→ Action item: Only the text of the records belongs in the answer, copied exactly and without pictures.
Information supplied below:
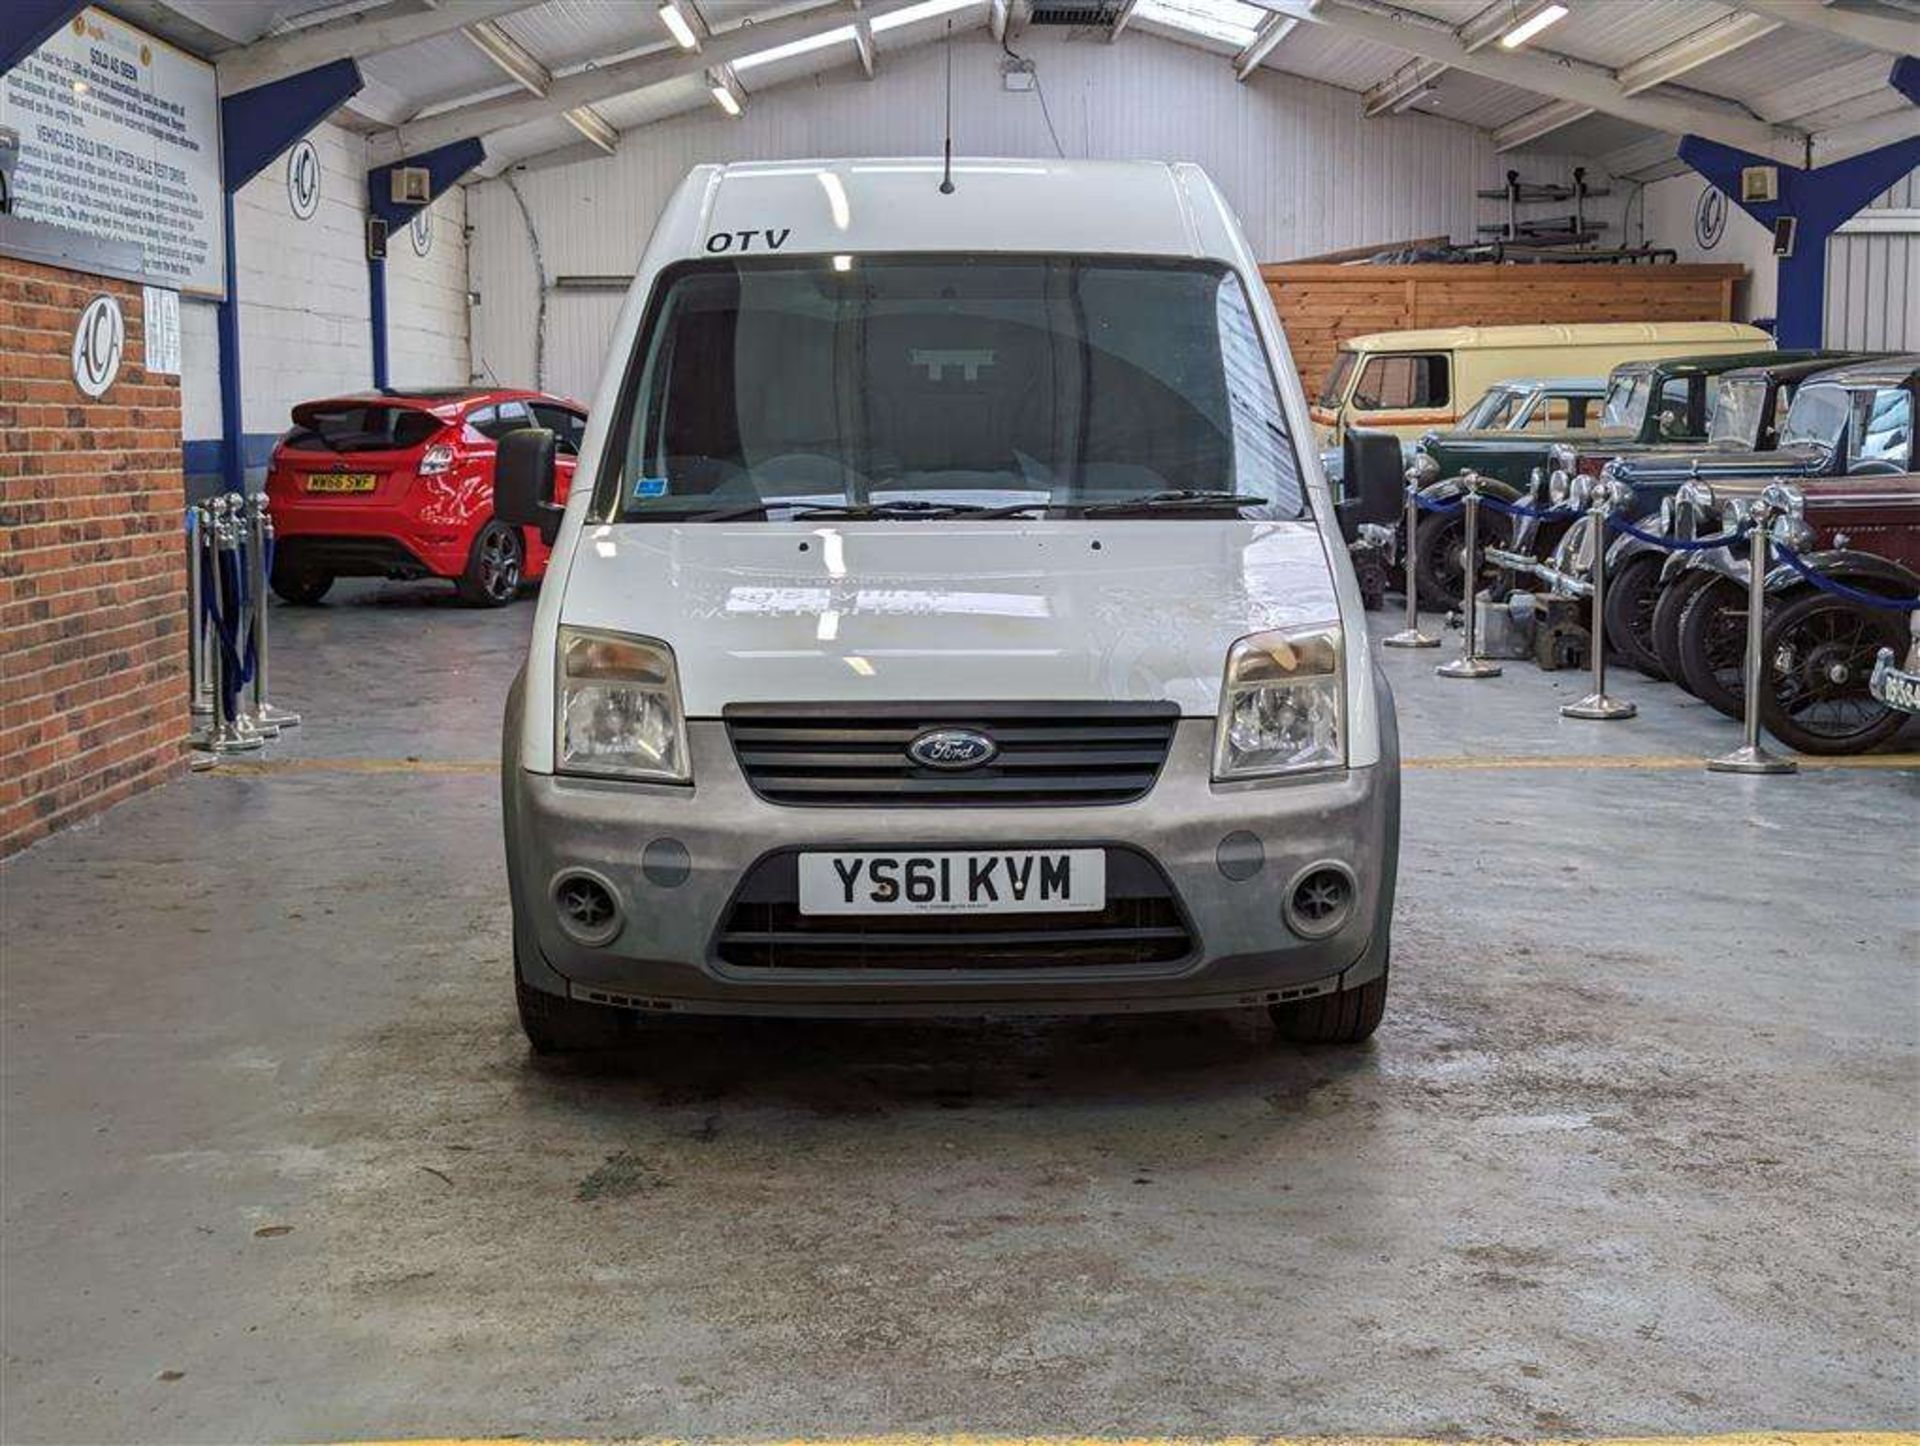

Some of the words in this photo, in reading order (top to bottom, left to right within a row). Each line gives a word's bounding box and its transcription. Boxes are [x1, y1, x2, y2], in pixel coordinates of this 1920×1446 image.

[90, 47, 107, 69] SOLD
[110, 56, 119, 74] AS
[120, 60, 137, 82] SEEN
[36, 123, 73, 150] VEHICLES
[76, 136, 94, 156] SOLD
[96, 142, 113, 162] WITH
[114, 148, 133, 168] AFTER
[136, 155, 151, 173] SALE
[153, 161, 167, 178] TEST
[706, 229, 790, 252] OTV
[930, 741, 975, 760] Ford
[833, 857, 950, 904] YS61
[968, 855, 1070, 902] KVM
End of Information supplied.
→ Answer space:
Some of the words in this photo, in reading order (top to bottom, left to right within a row). Each line gives a word's bounding box and its transcription. Boxes are [x1, y1, x2, y2], in pixel coordinates of this 1920×1446 image.

[90, 47, 107, 69] SOLD
[110, 56, 119, 74] AS
[120, 60, 137, 82] SEEN
[36, 123, 73, 150] VEHICLES
[76, 136, 94, 156] SOLD
[96, 142, 113, 162] WITH
[114, 148, 133, 168] AFTER
[136, 155, 151, 173] SALE
[153, 161, 167, 178] TEST
[706, 229, 790, 252] OTV
[930, 741, 975, 760] Ford
[833, 857, 950, 904] YS61
[968, 855, 1070, 902] KVM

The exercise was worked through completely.